Essayez désormais de vous connecter : ssh utilisateur@serveur. Pas de mot de passe (ou éventuellement votre phrase de passe pour pouvoir utiliser votre clé privée) : vous êtes connecté à un terminal sur le serveur distant :)
Configuration#
Empêcher les connexions par mot de passe#
Pour des raisons de sécurité, on veut empêcher les connexions par mot de passe. Cela doit bien sûr se faire après que la première clé SSH a été rentrée, sinon l'accès ne sera jamais possible et la machine ne sera plus jamais utilisable sans réinitialisation ou connexion avec un clavier (ce qui serait tout de même dommage).
La configuration du serveur SSH se fait dans le fichier /etc/ssh/sshd_config. Pour désactiver l'accès par mot de passe, il suffit d'ajouter ou de décommenter la ligne :
PasswordAuthentication no
Puis de recharger le service
sudo service reload sshd
Attention : modifier les paramètres SSH peut être très dangereux. En cas de mauvaise manipulation, c'est l'accès au serveur que vous pouvez perdre, et ce de manière irrévocable. Bon à savoir : la modification des paramètres n'influe pas sur votre connexion SSH actuelle, si vous rechargez la configuration et nous relancez le service. Assurez-vous de garder un terminal ouvert en cas de besoin et de toujours tester vos paramètres de serveur SSH avant de clore toutes les connexions.

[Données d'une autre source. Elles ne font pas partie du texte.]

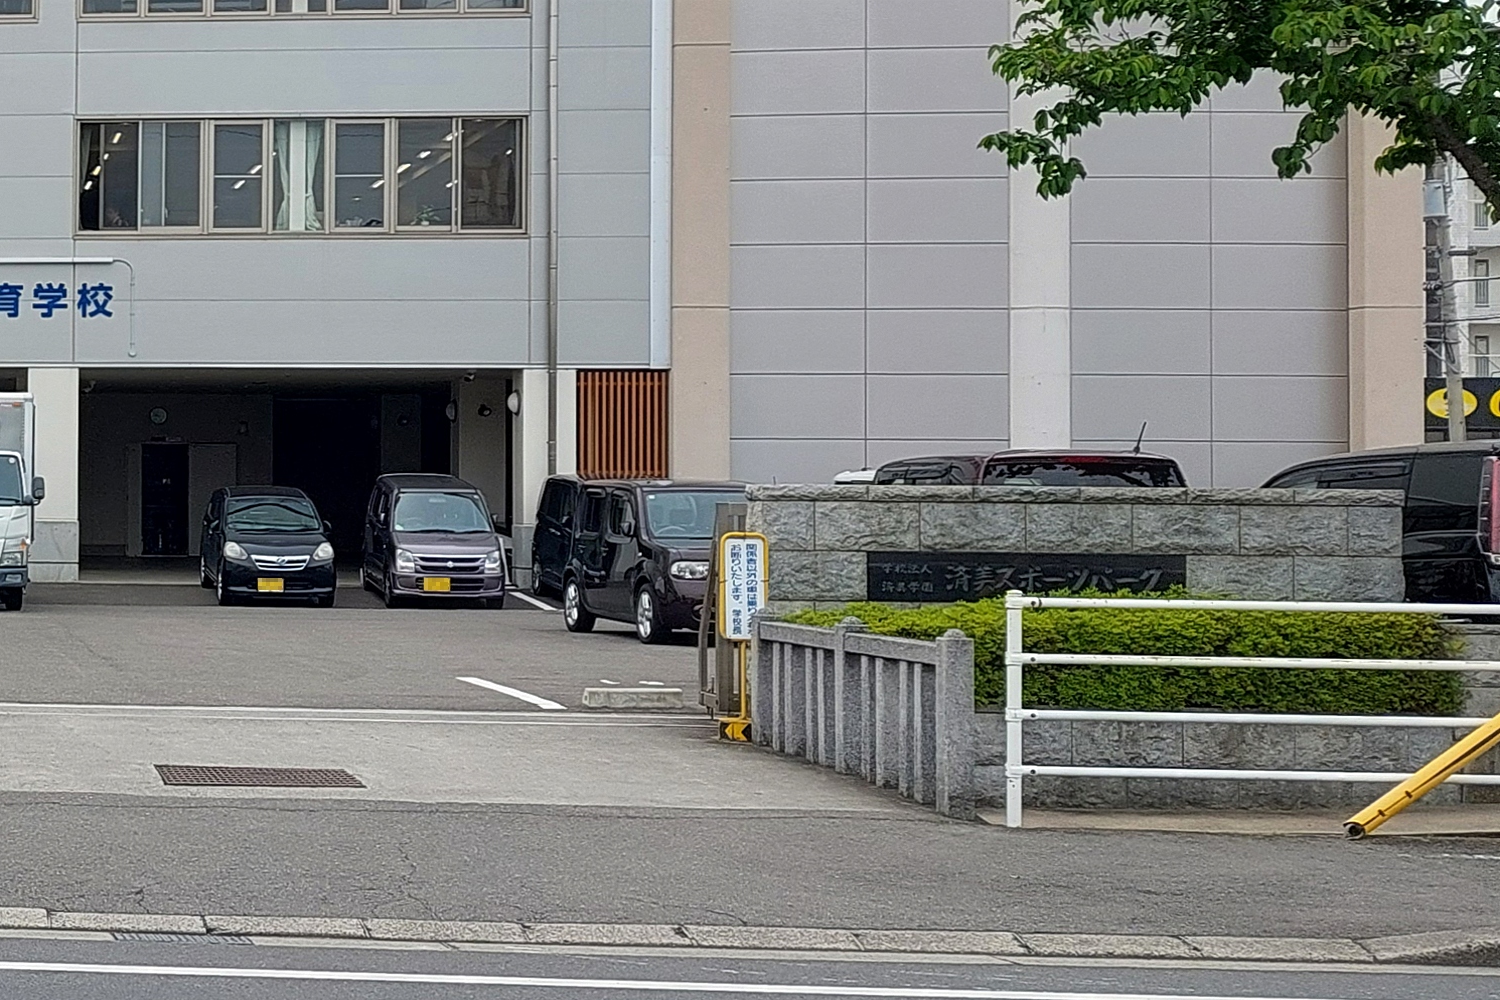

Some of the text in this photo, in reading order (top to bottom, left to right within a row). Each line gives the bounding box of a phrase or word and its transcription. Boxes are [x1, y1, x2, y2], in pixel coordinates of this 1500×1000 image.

NB - Le serveur sur lequel sont hébergés les services d'Animaths n'autorise pas la connexion par mot de passe.
Configurer ses hôtes SSH#
Cette partie concerne le client SSH.
Un des paradigmes du bon Linuxien est de ne jamais taper trop de caractères quand il n'y a pas besoin. On peut donc trouver que taper ssh utilisateur@serveur est trop long. Surtout s'il y a des configurations avancées. Pour cela, on peut créer des hôtes SSH.
La configuration se fait dans le fichier ~/.ssh/config.
Un exemple de configuration :
Host animath
Host toto
HostName animath.fr
IdentityFile ~/.ssh/id_rsa
De la sorte, il suffit de faire ssh animath au lieu de ssh toto@animath.fr.
Ce petit tutoriel sur SSH donne toutes les bases pour assurer une administration convenable. SSH permet des opérations bien plus complexes, dont la découverte est laissée libre.